> _Your goal_
Every single record below is to be reproduced exactly.

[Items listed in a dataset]
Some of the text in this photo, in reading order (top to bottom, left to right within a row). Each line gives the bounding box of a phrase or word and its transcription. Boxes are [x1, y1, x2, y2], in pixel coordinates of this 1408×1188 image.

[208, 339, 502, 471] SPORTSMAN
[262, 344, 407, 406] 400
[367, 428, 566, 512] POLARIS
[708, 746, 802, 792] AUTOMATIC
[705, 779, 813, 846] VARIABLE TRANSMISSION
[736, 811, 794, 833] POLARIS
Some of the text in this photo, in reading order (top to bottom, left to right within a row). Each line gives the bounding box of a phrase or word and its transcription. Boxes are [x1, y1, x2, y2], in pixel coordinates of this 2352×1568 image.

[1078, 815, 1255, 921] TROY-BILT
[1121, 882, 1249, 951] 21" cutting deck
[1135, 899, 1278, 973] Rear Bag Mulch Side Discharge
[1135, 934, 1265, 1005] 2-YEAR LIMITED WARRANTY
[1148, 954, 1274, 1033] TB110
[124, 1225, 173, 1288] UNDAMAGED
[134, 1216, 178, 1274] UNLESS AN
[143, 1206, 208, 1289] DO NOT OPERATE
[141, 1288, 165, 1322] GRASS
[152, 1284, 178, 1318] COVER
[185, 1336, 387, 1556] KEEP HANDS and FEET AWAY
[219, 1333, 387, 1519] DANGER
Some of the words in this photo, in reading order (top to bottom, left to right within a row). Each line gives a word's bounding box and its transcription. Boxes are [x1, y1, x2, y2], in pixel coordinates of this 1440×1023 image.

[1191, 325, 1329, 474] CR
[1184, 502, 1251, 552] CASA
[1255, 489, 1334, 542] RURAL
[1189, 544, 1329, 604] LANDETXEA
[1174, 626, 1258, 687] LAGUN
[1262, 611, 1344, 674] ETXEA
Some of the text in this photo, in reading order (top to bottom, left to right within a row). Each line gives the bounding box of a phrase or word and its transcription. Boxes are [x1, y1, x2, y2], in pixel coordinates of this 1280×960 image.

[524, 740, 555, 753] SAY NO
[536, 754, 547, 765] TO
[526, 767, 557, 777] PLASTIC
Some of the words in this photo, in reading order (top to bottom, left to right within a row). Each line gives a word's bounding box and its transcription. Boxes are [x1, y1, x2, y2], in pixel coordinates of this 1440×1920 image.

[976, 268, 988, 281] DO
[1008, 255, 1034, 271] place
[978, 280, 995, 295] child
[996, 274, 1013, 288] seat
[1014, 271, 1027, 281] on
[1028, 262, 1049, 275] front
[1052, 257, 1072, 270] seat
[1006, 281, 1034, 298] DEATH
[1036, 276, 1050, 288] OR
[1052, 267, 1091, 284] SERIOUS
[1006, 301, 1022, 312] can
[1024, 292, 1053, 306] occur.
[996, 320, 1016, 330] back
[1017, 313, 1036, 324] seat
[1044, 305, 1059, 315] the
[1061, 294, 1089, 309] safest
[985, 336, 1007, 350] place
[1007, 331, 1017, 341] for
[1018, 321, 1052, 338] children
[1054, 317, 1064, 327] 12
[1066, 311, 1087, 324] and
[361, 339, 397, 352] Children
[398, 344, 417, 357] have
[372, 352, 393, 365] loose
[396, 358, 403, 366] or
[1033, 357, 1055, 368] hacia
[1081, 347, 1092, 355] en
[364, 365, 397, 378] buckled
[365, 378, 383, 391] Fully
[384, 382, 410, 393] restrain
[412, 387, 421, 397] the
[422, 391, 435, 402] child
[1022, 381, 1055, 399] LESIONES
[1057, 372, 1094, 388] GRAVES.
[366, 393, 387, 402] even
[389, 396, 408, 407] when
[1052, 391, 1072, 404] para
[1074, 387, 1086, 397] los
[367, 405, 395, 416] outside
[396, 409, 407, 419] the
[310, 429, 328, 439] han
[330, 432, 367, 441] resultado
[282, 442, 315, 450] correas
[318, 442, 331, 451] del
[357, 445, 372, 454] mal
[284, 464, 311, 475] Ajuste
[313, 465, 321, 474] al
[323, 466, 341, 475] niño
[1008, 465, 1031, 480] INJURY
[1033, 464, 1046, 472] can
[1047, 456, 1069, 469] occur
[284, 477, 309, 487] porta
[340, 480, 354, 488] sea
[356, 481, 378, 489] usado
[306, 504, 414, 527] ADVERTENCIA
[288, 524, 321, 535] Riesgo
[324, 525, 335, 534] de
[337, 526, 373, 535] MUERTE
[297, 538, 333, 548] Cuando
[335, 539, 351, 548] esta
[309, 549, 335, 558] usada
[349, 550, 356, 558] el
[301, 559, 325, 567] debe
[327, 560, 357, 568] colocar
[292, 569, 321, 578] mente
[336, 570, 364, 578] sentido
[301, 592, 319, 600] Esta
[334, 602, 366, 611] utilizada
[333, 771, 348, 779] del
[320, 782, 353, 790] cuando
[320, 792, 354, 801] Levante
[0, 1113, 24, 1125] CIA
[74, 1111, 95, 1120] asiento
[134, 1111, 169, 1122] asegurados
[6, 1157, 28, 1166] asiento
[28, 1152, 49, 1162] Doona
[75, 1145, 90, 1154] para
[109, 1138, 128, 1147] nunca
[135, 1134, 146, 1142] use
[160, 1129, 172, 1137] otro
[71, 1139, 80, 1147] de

> _Solution_
Some of the text in this photo, in reading order (top to bottom, left to right within a row). Each line gives the bounding box of a phrase or word and its transcription. Boxes are [x1, y1, x2, y2], in pixel coordinates of this 1408×1188 image.

[208, 339, 502, 471] SPORTSMAN
[262, 344, 407, 406] 400
[367, 428, 566, 512] POLARIS
[708, 746, 802, 792] AUTOMATIC
[705, 779, 813, 846] VARIABLE TRANSMISSION
[736, 811, 794, 833] POLARIS
Some of the text in this photo, in reading order (top to bottom, left to right within a row). Each line gives the bounding box of a phrase or word and its transcription. Boxes are [x1, y1, x2, y2], in pixel coordinates of this 2352×1568 image.

[1078, 815, 1255, 921] TROY-BILT
[1121, 882, 1249, 951] 21" cutting deck
[1135, 899, 1278, 973] Rear Bag Mulch Side Discharge
[1135, 934, 1265, 1005] 2-YEAR LIMITED WARRANTY
[1148, 954, 1274, 1033] TB110
[124, 1225, 173, 1288] UNDAMAGED
[134, 1216, 178, 1274] UNLESS AN
[143, 1206, 208, 1289] DO NOT OPERATE
[141, 1288, 165, 1322] GRASS
[152, 1284, 178, 1318] COVER
[185, 1336, 387, 1556] KEEP HANDS and FEET AWAY
[219, 1333, 387, 1519] DANGER
Some of the words in this photo, in reading order (top to bottom, left to right within a row). Each line gives a word's bounding box and its transcription. Boxes are [x1, y1, x2, y2], in pixel coordinates of this 1440×1023 image.

[1191, 325, 1329, 474] CR
[1184, 502, 1251, 552] CASA
[1255, 489, 1334, 542] RURAL
[1189, 544, 1329, 604] LANDETXEA
[1174, 626, 1258, 687] LAGUN
[1262, 611, 1344, 674] ETXEA
Some of the text in this photo, in reading order (top to bottom, left to right within a row). Each line gives the bounding box of a phrase or word and its transcription. Boxes are [x1, y1, x2, y2], in pixel coordinates of this 1280×960 image.

[524, 740, 555, 753] SAY NO
[536, 754, 547, 765] TO
[526, 767, 557, 777] PLASTIC
Some of the words in this photo, in reading order (top to bottom, left to right within a row). Each line gives a word's bounding box and its transcription. Boxes are [x1, y1, x2, y2], in pixel coordinates of this 1440×1920 image.

[976, 268, 988, 281] DO
[1008, 255, 1034, 271] place
[978, 280, 995, 295] child
[996, 274, 1013, 288] seat
[1014, 271, 1027, 281] on
[1028, 262, 1049, 275] front
[1052, 257, 1072, 270] seat
[1006, 281, 1034, 298] DEATH
[1036, 276, 1050, 288] OR
[1052, 267, 1091, 284] SERIOUS
[1006, 301, 1022, 312] can
[1024, 292, 1053, 306] occur.
[996, 320, 1016, 330] back
[1017, 313, 1036, 324] seat
[1044, 305, 1059, 315] the
[1061, 294, 1089, 309] safest
[985, 336, 1007, 350] place
[1007, 331, 1017, 341] for
[1018, 321, 1052, 338] children
[1054, 317, 1064, 327] 12
[1066, 311, 1087, 324] and
[361, 339, 397, 352] Children
[398, 344, 417, 357] have
[372, 352, 393, 365] loose
[396, 358, 403, 366] or
[1033, 357, 1055, 368] hacia
[1081, 347, 1092, 355] en
[364, 365, 397, 378] buckled
[365, 378, 383, 391] Fully
[384, 382, 410, 393] restrain
[412, 387, 421, 397] the
[422, 391, 435, 402] child
[1022, 381, 1055, 399] LESIONES
[1057, 372, 1094, 388] GRAVES.
[366, 393, 387, 402] even
[389, 396, 408, 407] when
[1052, 391, 1072, 404] para
[1074, 387, 1086, 397] los
[367, 405, 395, 416] outside
[396, 409, 407, 419] the
[310, 429, 328, 439] han
[330, 432, 367, 441] resultado
[282, 442, 315, 450] correas
[318, 442, 331, 451] del
[357, 445, 372, 454] mal
[284, 464, 311, 475] Ajuste
[313, 465, 321, 474] al
[323, 466, 341, 475] niño
[1008, 465, 1031, 480] INJURY
[1033, 464, 1046, 472] can
[1047, 456, 1069, 469] occur
[284, 477, 309, 487] porta
[340, 480, 354, 488] sea
[356, 481, 378, 489] usado
[306, 504, 414, 527] ADVERTENCIA
[288, 524, 321, 535] Riesgo
[324, 525, 335, 534] de
[337, 526, 373, 535] MUERTE
[297, 538, 333, 548] Cuando
[335, 539, 351, 548] esta
[309, 549, 335, 558] usada
[349, 550, 356, 558] el
[301, 559, 325, 567] debe
[327, 560, 357, 568] colocar
[292, 569, 321, 578] mente
[336, 570, 364, 578] sentido
[301, 592, 319, 600] Esta
[334, 602, 366, 611] utilizada
[333, 771, 348, 779] del
[320, 782, 353, 790] cuando
[320, 792, 354, 801] Levante
[0, 1113, 24, 1125] CIA
[74, 1111, 95, 1120] asiento
[134, 1111, 169, 1122] asegurados
[6, 1157, 28, 1166] asiento
[28, 1152, 49, 1162] Doona
[75, 1145, 90, 1154] para
[109, 1138, 128, 1147] nunca
[135, 1134, 146, 1142] use
[160, 1129, 172, 1137] otro
[71, 1139, 80, 1147] de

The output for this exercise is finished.